Exercise goal: Please give back the listing exactly, without any of its pictures.

Provided records: Begin

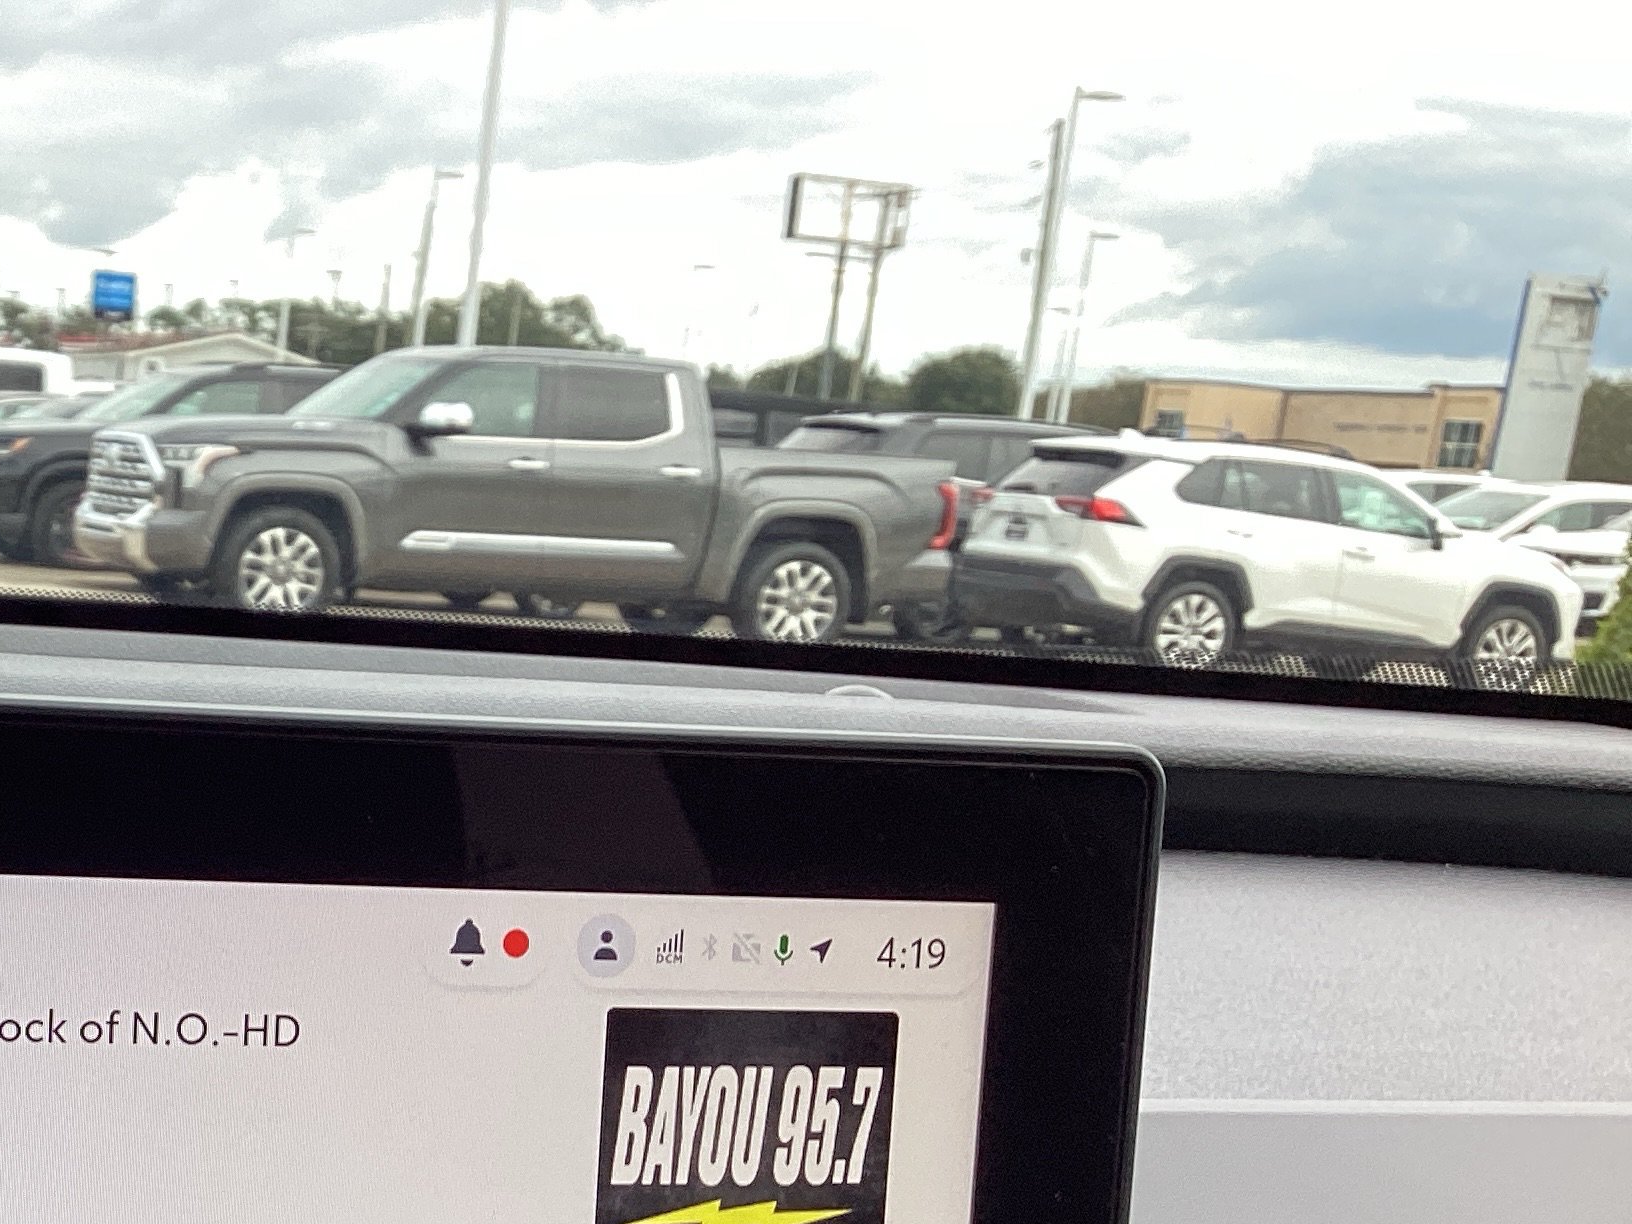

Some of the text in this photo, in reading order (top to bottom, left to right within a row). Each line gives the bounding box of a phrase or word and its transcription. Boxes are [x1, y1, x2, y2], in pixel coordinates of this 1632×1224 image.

[655, 951, 685, 965] DCM
[877, 938, 945, 968] 4:19
[80, 1010, 120, 1044] of
[133, 1012, 299, 1046] N.O.-HD
[610, 1065, 883, 1186] BAYOU 95.7

Provided records: End

Task response:
Some of the text in this photo, in reading order (top to bottom, left to right within a row). Each line gives the bounding box of a phrase or word and its transcription. Boxes are [x1, y1, x2, y2], in pixel coordinates of this 1632×1224 image.

[655, 951, 685, 965] DCM
[877, 938, 945, 968] 4:19
[80, 1010, 120, 1044] of
[133, 1012, 299, 1046] N.O.-HD
[610, 1065, 883, 1186] BAYOU 95.7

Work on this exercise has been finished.